Indignation des cathos traditionalistes à propos de l’enquête des «Infiltrés»

France 2 diffusera mardi 27 avril une nouvelle enquête des «Infiltrés» consacrée à un groupuscule d’extrême droite Dies Irae et à ses liens avec les milieux catholiques traditionalistes qui réagissent vigoureusement sur la toile et portent l’affaire en justice.
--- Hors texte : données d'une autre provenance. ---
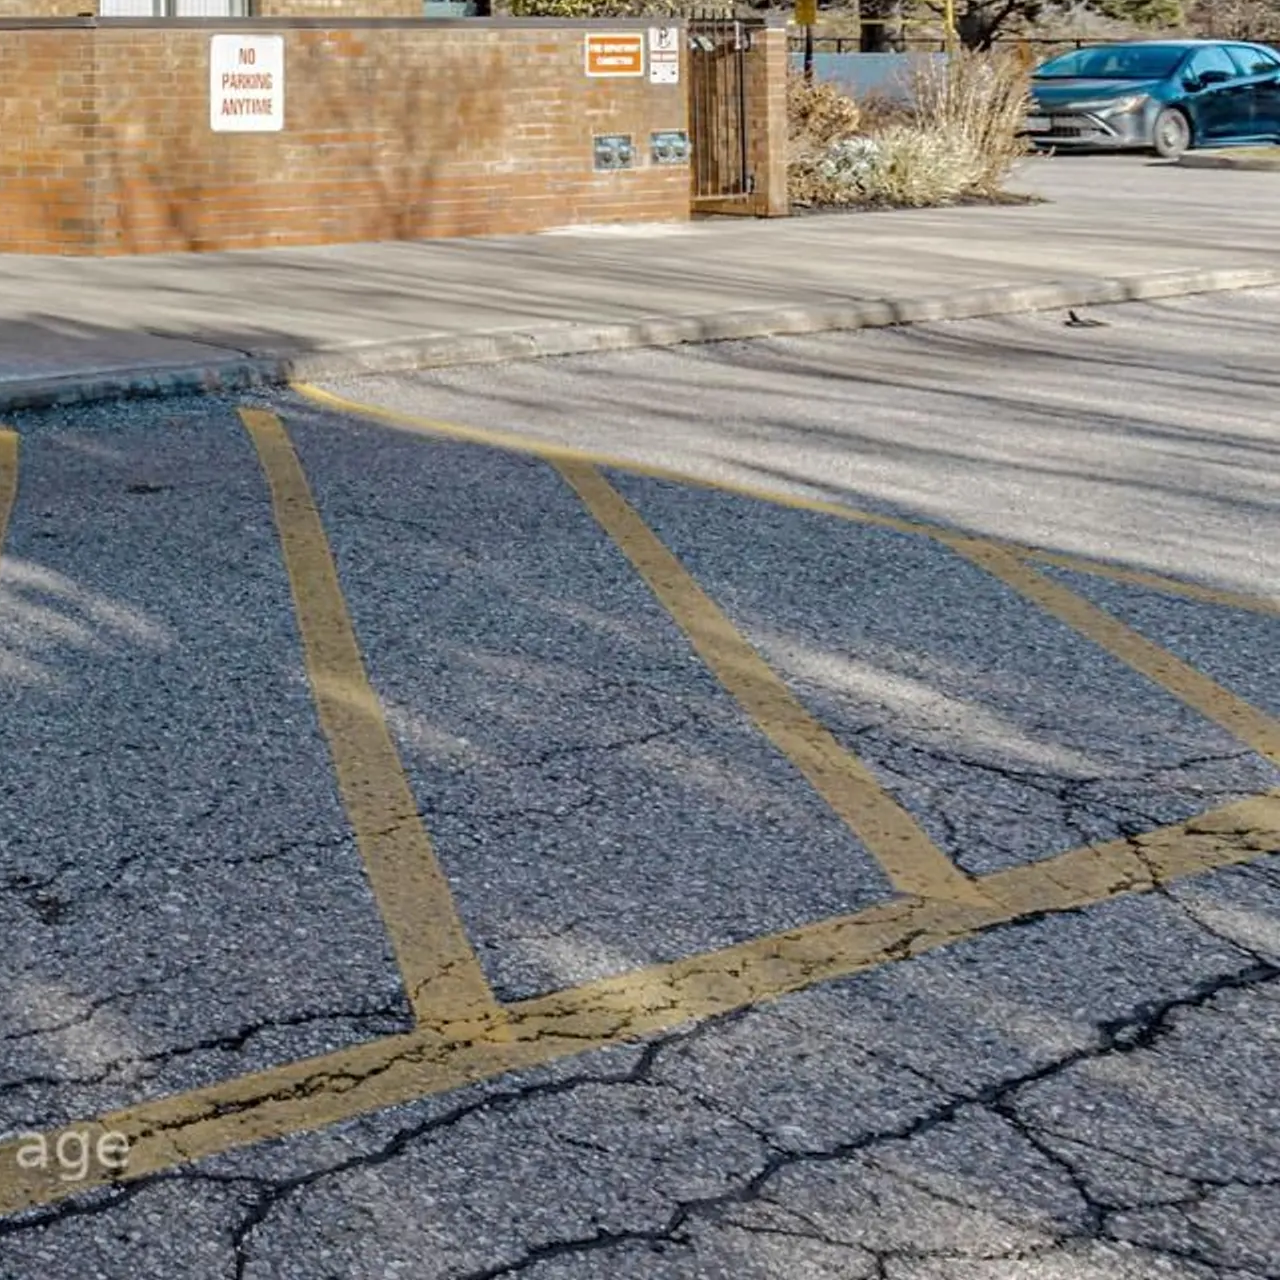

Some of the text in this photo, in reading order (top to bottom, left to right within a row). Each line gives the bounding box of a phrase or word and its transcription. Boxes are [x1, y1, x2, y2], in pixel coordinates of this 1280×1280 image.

[239, 48, 256, 65] NO
[222, 72, 273, 90] PARKING
[221, 99, 273, 116] ANYTIME
Selon le site riposte-catholique, le fondateur du groupe Dies Irae a adressé à France 2 une mise en demeure pour obtenir de ne pas apparaitre dans le documentaire tandis que des parents d’élèves de l’école où l’équipe a tourné ont porté plainte contre France 2 et Capa, producteur du documentaire. Plusieurs blogs relaient des réactions outrées de catholiques traditionalistes. Le documentaire incriminé s’intitule «A la droite du père» et s’intéresse à un groupuscule d’extrême droite bordelais, Dies Irae, fondé par Fabrice Sorlin, militant du FN qui a été candidat aux législatives. Son groupe compte environ 150 membres, plutôt jeunes, qui arborent des insignes franquistes et tiennent des propos violemment anti-juifs, anti-arabes, anti-noirs. Le projet initial des «Infiltrés» était d’enquêter seulement sur ce groupuscule d’extrême droite mais, compte-tenu des liens de ses membres avec la religion, le projet s’est élargi à une école catholique traditionnelle hors-contrat de Bordeaux qui relève de l’Institut du Bon Pasteur (dont le supérieur général est l’abbé Philippe Laguérie, ancien curé de Saint-Nicolas du Chardonnet).
Sur leurs sites Internet, les catholiques traditionalistes crient à la caricature, les uns considérant que les militants ont été «piégés» par des «journalistes provocateurs», les autres déclarant que ces comportements et propos ne sont pas représentatifs.